Question

The normal at a point $P$ on the ellipse $x^2+4y^2=16$ meets the x-axis at $Q.$ If $M$ is the mid point of the line segment $PQ$, then locus of $M$ intersects the latus rectums of the given ellipse at the points.
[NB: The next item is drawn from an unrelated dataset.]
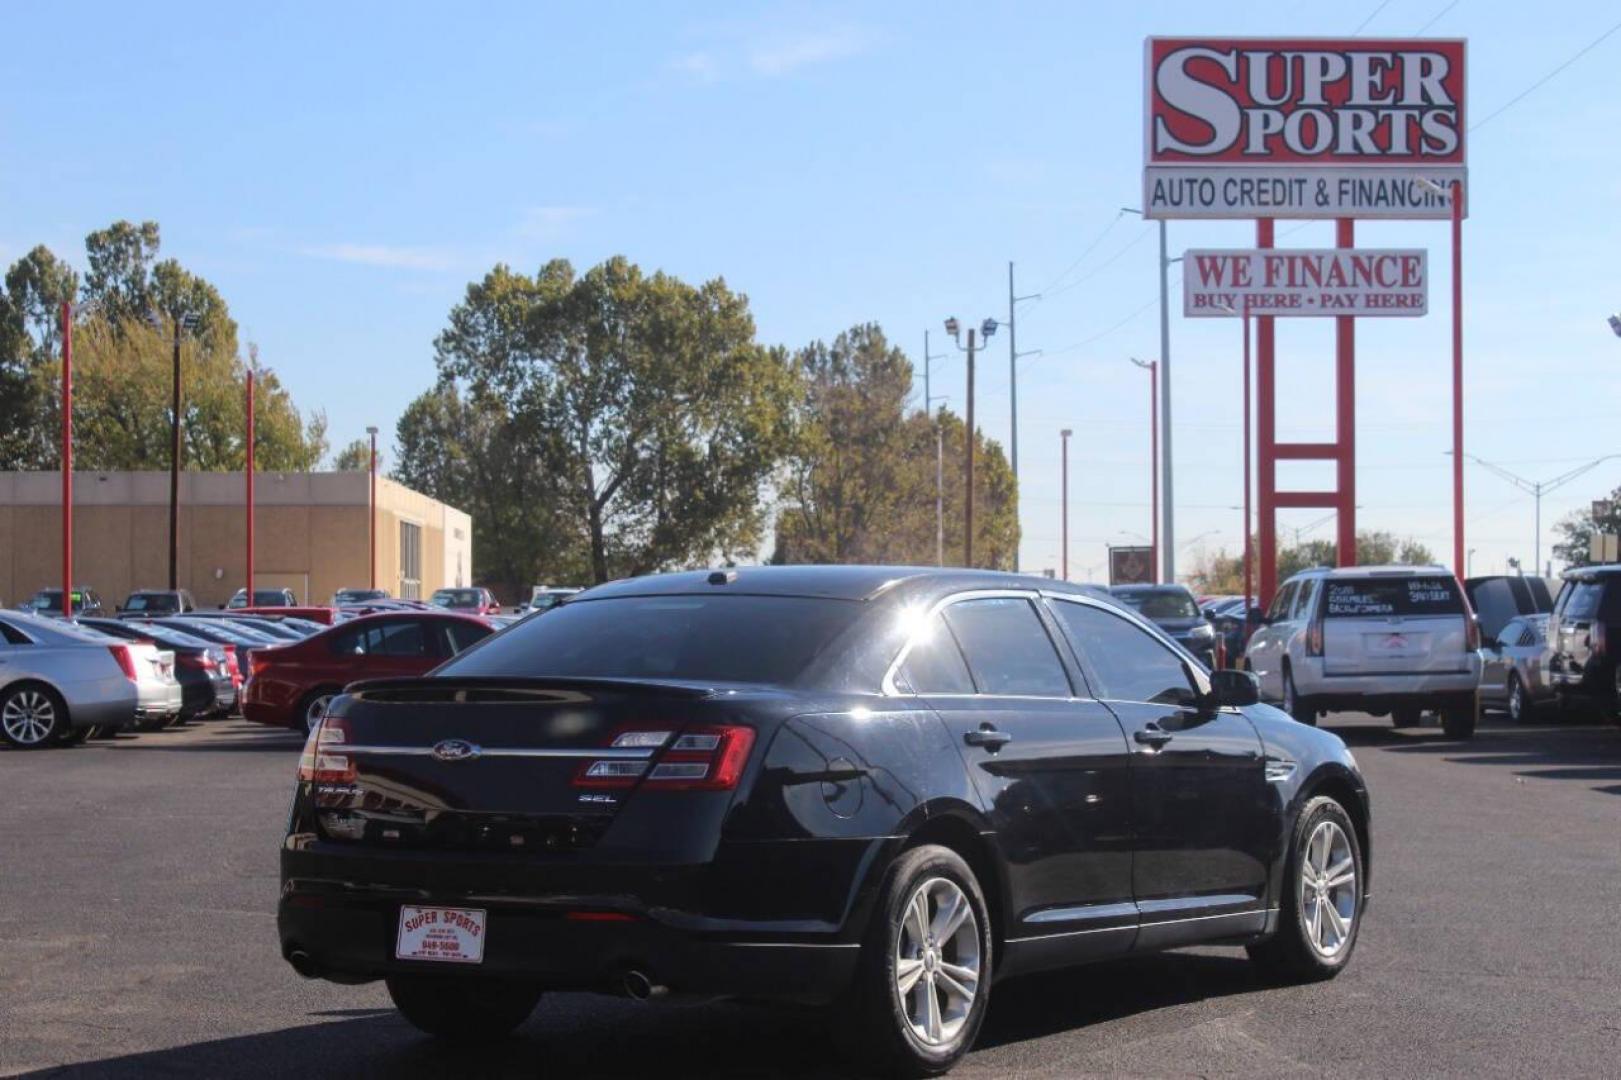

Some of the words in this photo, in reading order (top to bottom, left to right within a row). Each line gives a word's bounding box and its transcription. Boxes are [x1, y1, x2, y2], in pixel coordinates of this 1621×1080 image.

• A. $(\pm \frac{3\sqrt{5}}{7},\pm \frac{2}{7})$
• B. $(\pm \frac{3\sqrt{5}}{2},\pm \frac{\sqrt{19}}{4})$
• C. $(\pm 2\sqrt{3},\pm \frac{1}{7})$
• D. $(\pm 2\sqrt{3},\pm \frac{4\sqrt{3}}{7})$

Answer 1

The correct option is C $(\pm 2\sqrt{3},\pm \frac{1}{7})$

Given Ellipse $\frac{x^2}{16}+\frac{y^2}{4}=1$

$e=\sqrt{1-\frac{b^2}{a^2}}=\frac{\sqrt{3}}{2}$

$\because P$ is a point on the ellipse

So, $P=(4\cos \theta ,2\sin \theta )$

Equation of normal to the ellipse $\frac{x^2}{16}+\frac{y^2}{4}=1$ at point $(x_1,y_1)=(4\cos \theta ,2\sin \theta )$ is given by

$a^2{y}_1(x-x_1)=b^2{x}_1(y-y_1)$

$⟹16\times 2\sin \theta (x-4\cos \theta )=4\times 4\cos \theta (y-2\sin \theta )$

$⟹2x\sin \theta -8\sin \theta \cos \theta =y\cos \theta -2\sin \theta \cos \theta$

$⟹2x\sin \theta =y\cos \theta +6\sin \theta \cos \theta$

$⟹\frac{2x}{\cos \theta }=\frac{y}{\sin \theta }+6$

$⟹2x\sec \theta -y\text{cosec}\theta =6$

It meet the x-axis at $Q(3\cos \theta ,0)$

$\therefore M=(\frac{7}{2}\cos \theta ,\sin \theta )=(x,y)$

Locus of $M$ is

$\frac{x^2}{{\left(\frac{7}{2}\right)}^2}+\frac{y^2}{1}=1$

Latus rectum of the given ellipse is
$x=\pm ae=\pm \sqrt{16-4}=\pm 2\sqrt{3}$
So locus of $M$ meets the latus rectum at points for which
$y^2=1-\frac{12\times 4}{49}=\frac{1}{49}$ $\Rightarrow$ $y=\pm \frac{1}{7}$
Hence, the required point is $(\pm 2\sqrt{3},\pm \frac{1}{7})$.